Mats Wilander produced the most coolly defiant and determined performance of his career to beat Pat Cash in a memorable and most worthy finale to the first Australian Open Championships at the new National Tennis Centre. In a match overflowing with fabulous tennis which tested the skill, strength and stamina of both players, Wilander took the title, for the third time in five attempts, 6-3, 6-7, 3-6, 6-1, 8-6. The bravely resilient fashion in which Wilander responded to win the fifth and longest set, after losing an early break and twice having served to stay in the match, meant that even most Australians forgave him for ruining the perfect start to their bicentennial party.
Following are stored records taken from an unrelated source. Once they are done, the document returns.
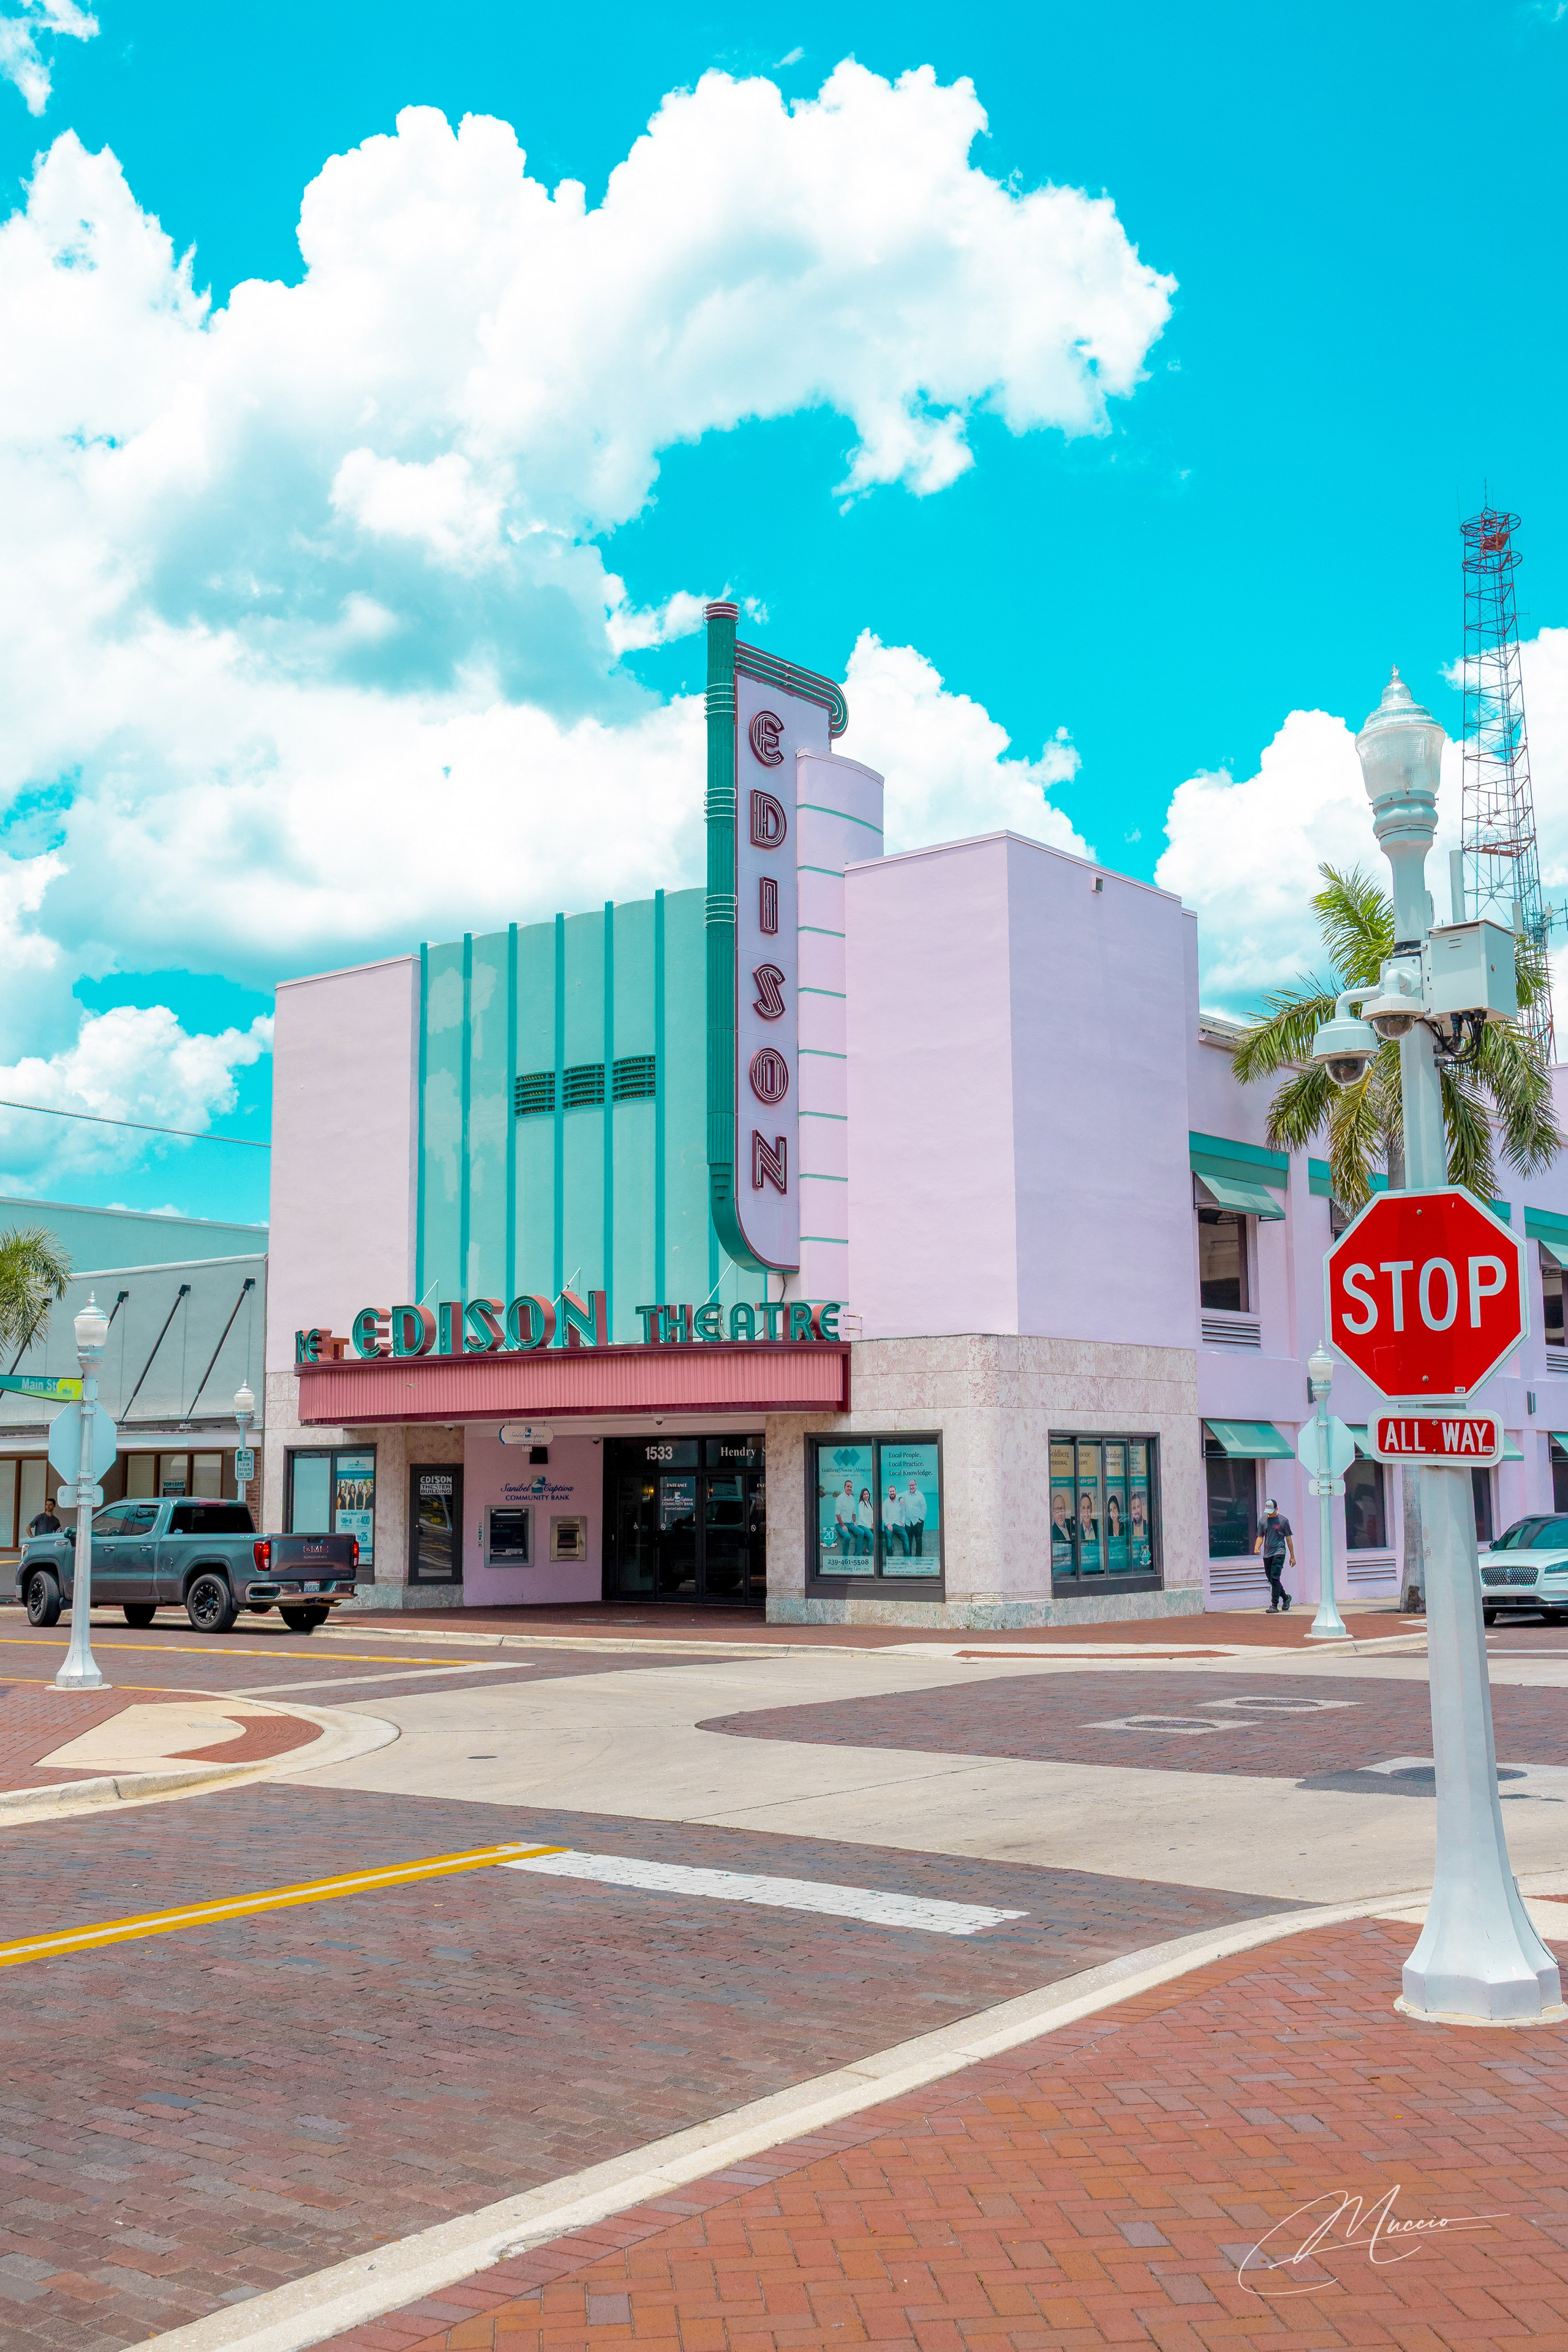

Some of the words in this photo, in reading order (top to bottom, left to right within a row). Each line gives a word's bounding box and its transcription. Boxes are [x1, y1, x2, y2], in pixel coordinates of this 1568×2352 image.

[748, 709, 790, 1196] EDISON
[1342, 1255, 1507, 1335] STOP
[352, 1291, 606, 1358] EDISON
[635, 1302, 841, 1343] THEATRE
[22, 1378, 43, 1390] Main
[1384, 1421, 1426, 1451] ALL
[1442, 1422, 1488, 1452] WAY
[646, 1446, 673, 1460] 1533
[720, 1446, 756, 1459] Hendry
[500, 1483, 532, 1492] Sanibel
[543, 1483, 575, 1494] Captiva
[361, 1515, 370, 1525] 400
[361, 1532, 368, 1542] 25
[823, 1531, 834, 1540] 20
A match which twice changed course after rain delays of 33 and 19 minutes finally hinged on one fabulous point played by Wilander at deuce at 6-6 in the final set. With a speed and strength which he said he did not have six months ago, before he started working more seriously on his fitness, Wilander twice chased across the full width of the baseline to retrieve shots he had no right to reach, let alone return so challengingly. Having played himself back into the point, he failed to put away a first smash but made sure of reaching break point with his second in the most stunning moment of the tournament. Cash then missed fractionally with a backhand volley, leaving Wilander, who has surely never served more solidly with such consistency, to end the next game and a gripping contest to love on another smash.

Wilander drew great encouragement, as well as inspiration, from the noisy but never disruptive support from two groups of Australian-based Swedes, with the national flag painted on their faces. He rewarded them and himself after the disappointment of defeat in the finals of Paris and Flushing Meadow last year with a victory second only in satisfaction to his first Grand Slam title in Paris in 1982, when he was 17, and a performance which, in substance and quality, was infinitely richer.
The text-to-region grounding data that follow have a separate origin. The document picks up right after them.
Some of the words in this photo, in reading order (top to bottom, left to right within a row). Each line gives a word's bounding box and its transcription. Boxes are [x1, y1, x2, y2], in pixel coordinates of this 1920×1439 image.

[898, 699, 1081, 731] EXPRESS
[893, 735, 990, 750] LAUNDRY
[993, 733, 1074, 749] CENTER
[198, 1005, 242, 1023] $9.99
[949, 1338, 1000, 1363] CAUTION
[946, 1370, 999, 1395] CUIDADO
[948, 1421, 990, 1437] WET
Amid his obvious disappointment of losing his second  successive Australian Open in five sets to a Swede - last year Stefan Edberg beat him - Cash felt disgruntled that with uncertainty about the weather they had not played with the roof closed: "If you spend all that money to have a stadium with a roof, why not use it?"

The decision to open the roof after the women's doubles final and after early morning rain cleared, was undoubtedly right, and it was certainly the Australian who benefitted from the first of the two interruptions. Seldom can anyone have been more grateful for rain than Cash when it offered him the chance to re-think his strategy at a set and 1-4 down. Until then Wilander, passing or lobbing Cash with perfect precision, confidence and control, had played what he described as "probably the best tennis of my life". On the resumption he even had two points for 5-1 and was so confident that he was increasingly attacking the Cash serve. Yet, having escaped, Cash suddenly started punching away his volleys and finding the penetration and range which had been lacking on his first serve. Cash broke back to take the second set on a 7-3 tie-break, but, after comfortably winning the third set despite a code violation for ball abuse, he started to miss his volleys again.

Wilander, who became less extravagant and more thoughtful again after the second rain break when he was a point from trailing 0-4 in the third set, dropped only 12 points in the fourth. "It was important for me to win an easy fourth set because I felt down a bit after losing the third", said Wilander, whose £65,000 win maintained Sweden's domination of the tournament since his first victory in 1983. Twice in that final set when again it became a straightforward battle of wills and wits, between his passing shots and Cash's attack, Wilander was only two points from defeat. Each time he instinctively responded in the bravest way by moving in and volleying irresistibly beyond Cash's despairing reach. It was pulsating stuff, which became better and better.